19 Tex. 171 | Tex. | 1857
The appellant, who was plaintiff below, brought suit against the appellee, on the following note:
[$132 10.] January 1, 1855.
One day after date I promise to pay to the order of C. Vincent, one hundred and thirty-two dollars and ten cents, value received, with interest, at the rate of ten per cent, per annum, from maturity, until paid. JAS. E. SMITH.
The note being the only evidence offered, the jury found for the defendant, and the plaintiff appealed.
The note was not indorsed specially to the plaintiff, nor was it indorsed in blank; and the only question is, whether the mere possession, without proof of a bona fide assignment or transfer, either by parol or writing, was primafacie evidence of ownership.
The only instruments in which the law recognizes the property as passing, like coin, with the possession, are those termed negotiable, and which are transferable by delivery, viz: bills and notes payable to bearer, or payable to order and indorsed in blank.
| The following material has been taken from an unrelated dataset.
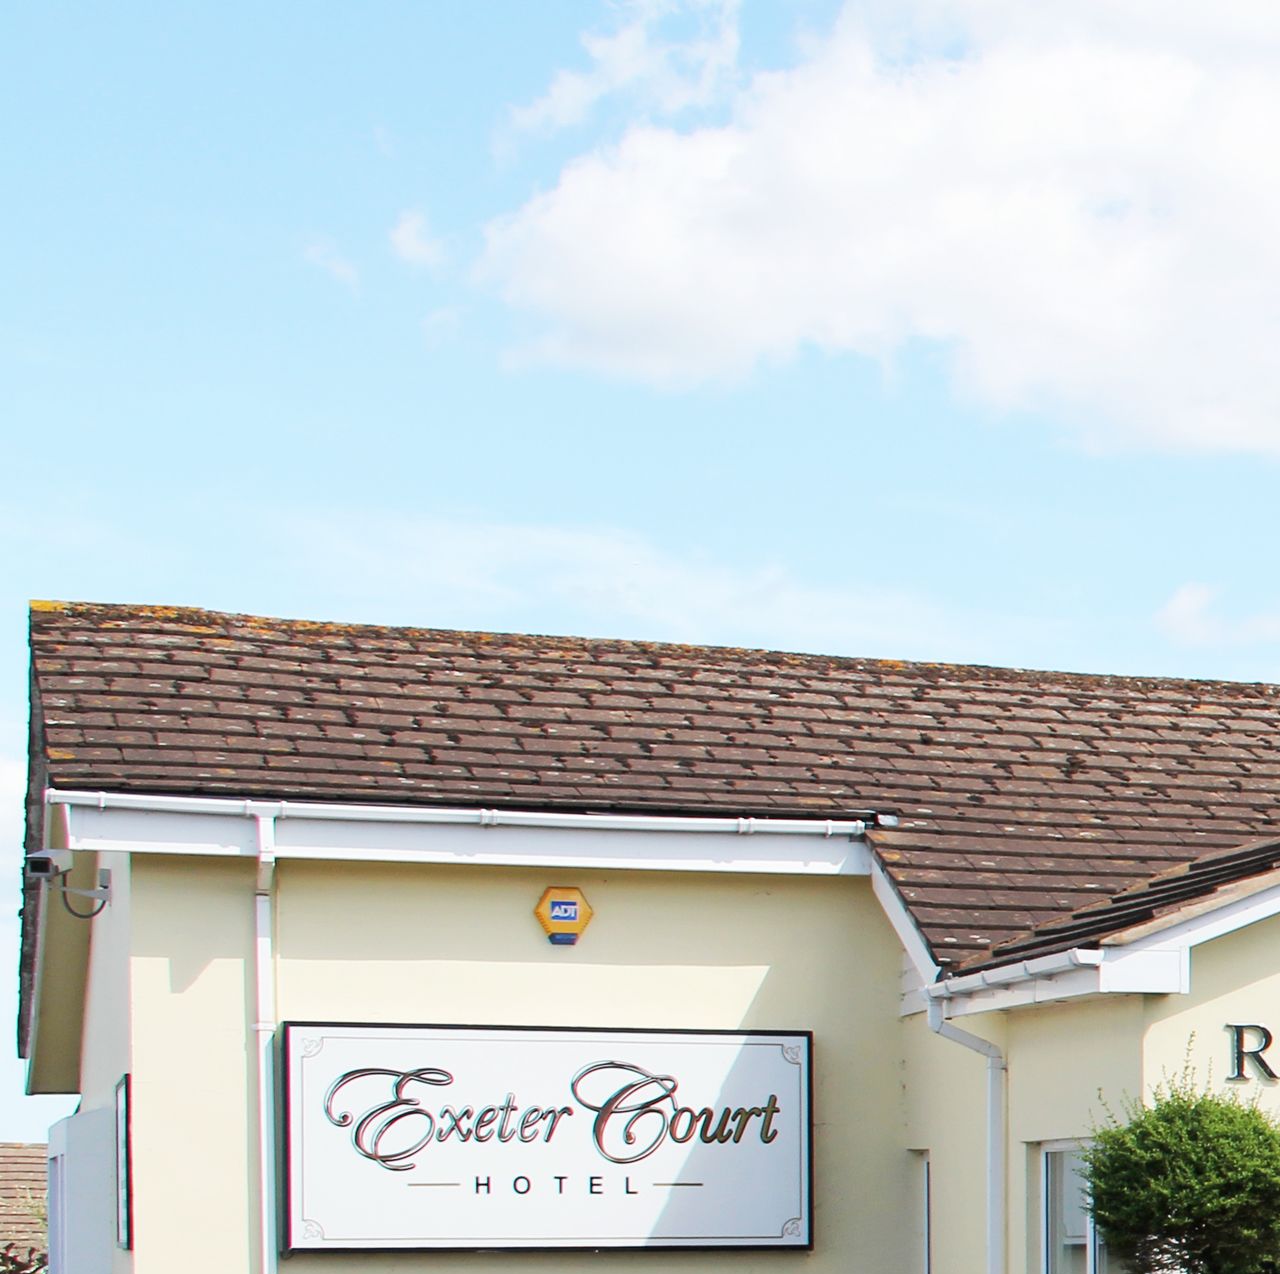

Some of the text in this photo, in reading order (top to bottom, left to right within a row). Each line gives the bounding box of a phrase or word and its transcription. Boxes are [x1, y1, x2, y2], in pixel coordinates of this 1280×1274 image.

[551, 904, 579, 918] ADT
[322, 1059, 781, 1172] Exeter Court
[474, 1175, 639, 1195] HOTEL
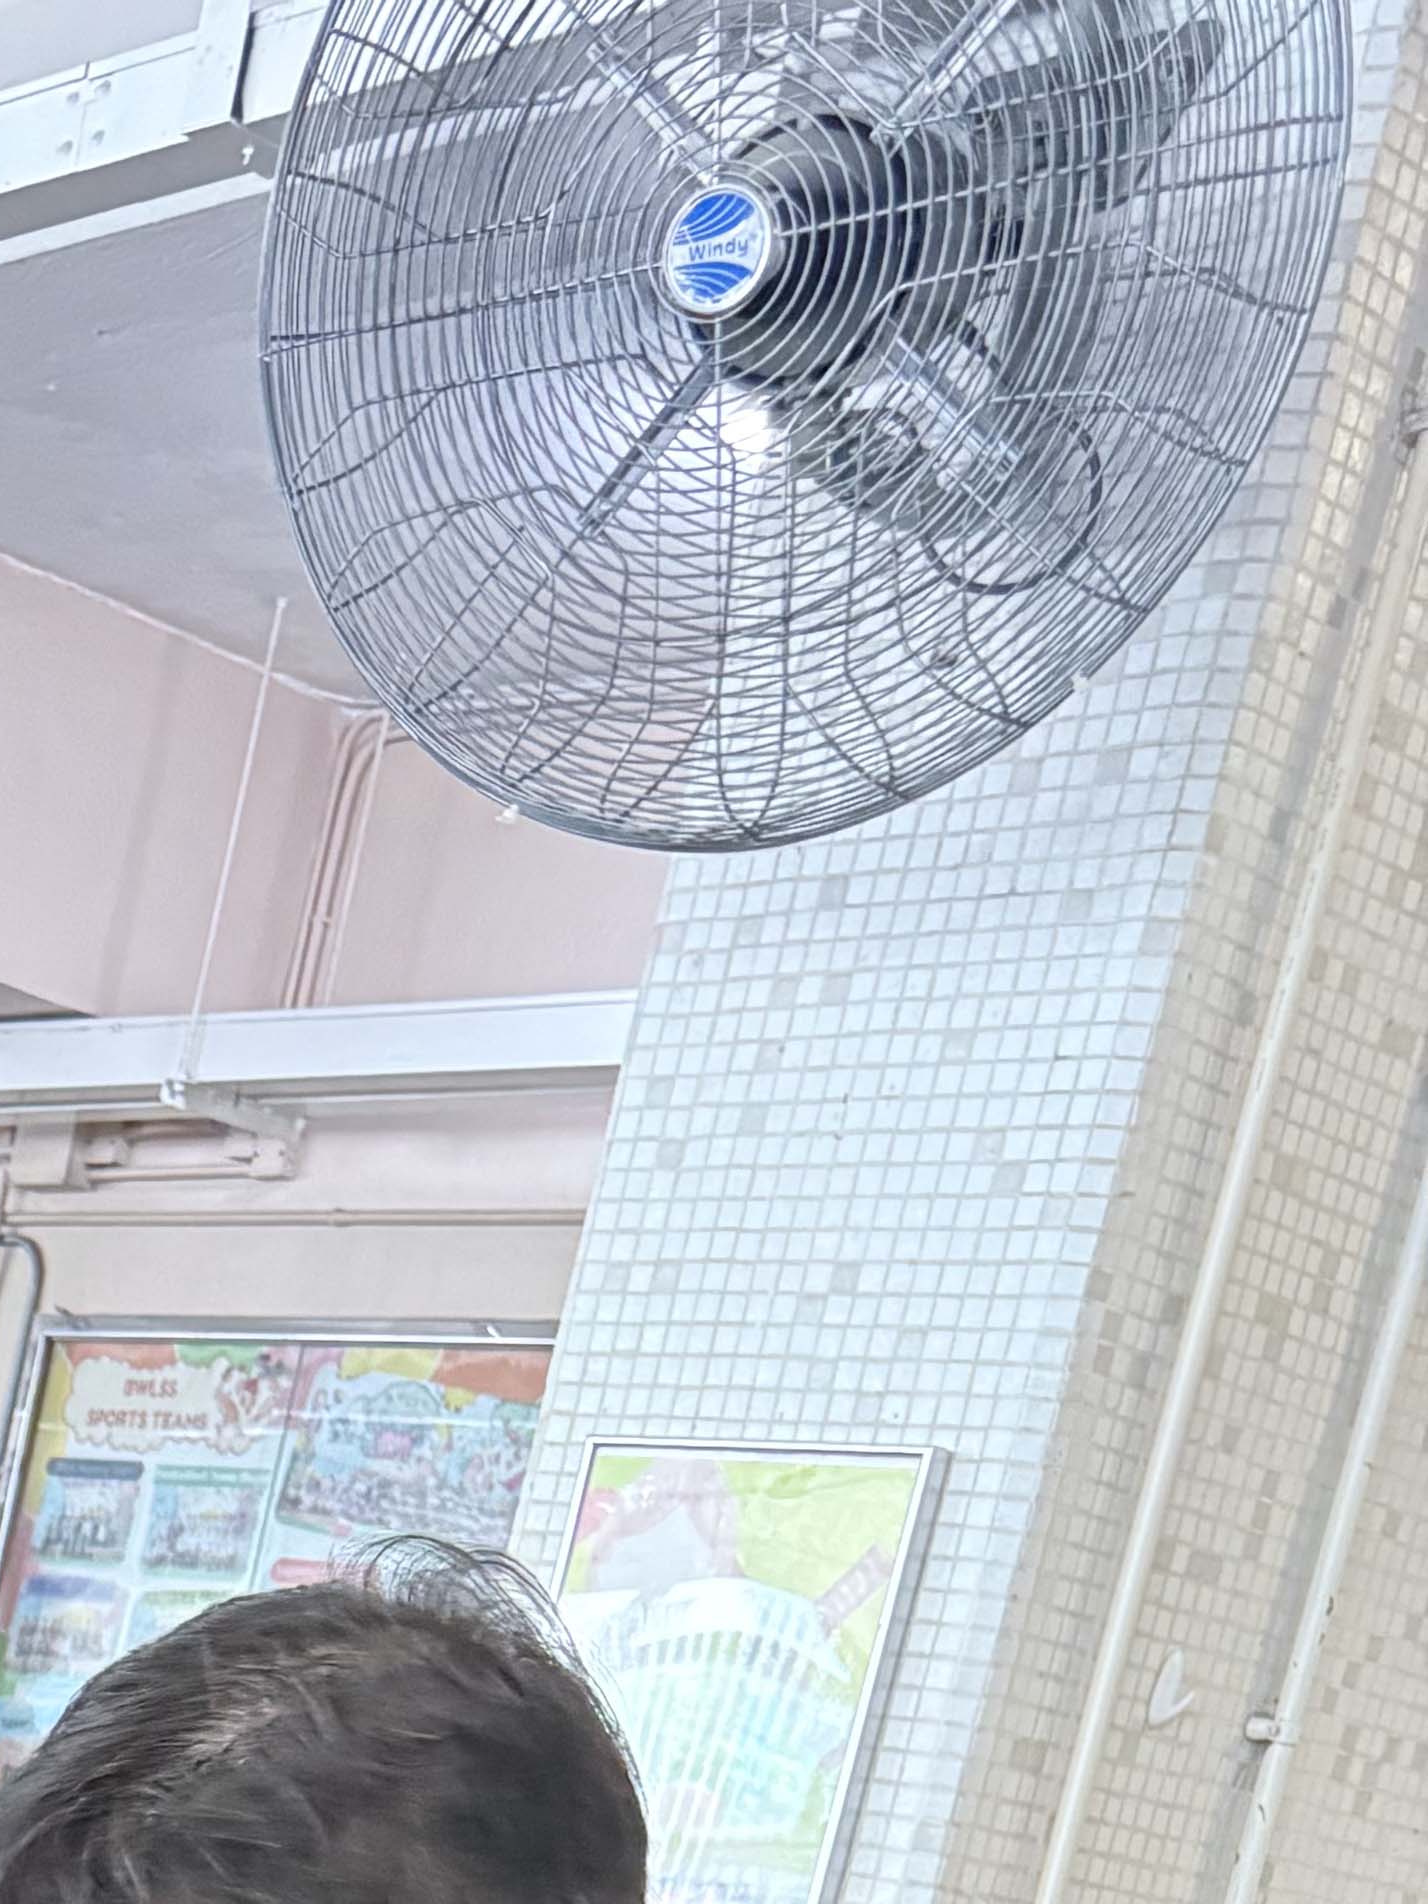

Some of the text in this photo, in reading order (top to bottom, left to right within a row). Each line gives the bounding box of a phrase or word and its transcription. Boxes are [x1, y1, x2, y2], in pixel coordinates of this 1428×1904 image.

The legal right to the property secured by such instruments, passes by delivery; and the possession is prima facie evidence of right in the property. Such instruments pass by delivery from hand to hand; and though they may have been lost or stolen from the true owner, yet the possession of the holder is prima facie proof of right; and if he be a bona fide transferee for value, his title will be perfect, whether the one from whom he received the instrument had any title or not. (Miller v. Race—Notes in Smith’s leading cases, p. 258 ; Greneaux v. Wheeler, 6 Tex. R. 523 ; Story on Promissory Notes, Sec. 43,196.)
But such is not the rule with reference to instruments not negotiable, or which do not pass the legal right by delivery. A third person, not a party to such note, must show by what right he claims to recover from the debtor, or—in other words—that he holds under a bona fide assignment, valid ih law, from the owner of the note.
It is no doubt true, that the assignment of a debt does not, in equity, require the assent of a debtor; although it may be important to the assignee that such notice should be given, or otherwise the rights of third persons may intervene to his prejudice. (2 Story’s Equity, 1057.) To give an action at law, it seems that the debtor must consent to the agreed transfer of the debt; but in equity it is otherwise. (3 Swanston, 392; 5 Adolph. & Ellis, 114.) There is no doubt that an assignee by parol or delivery, of an unnegotiable note, is entitled at law to sue the maker in the name of the assignor, and in equity to bring suit in his own name.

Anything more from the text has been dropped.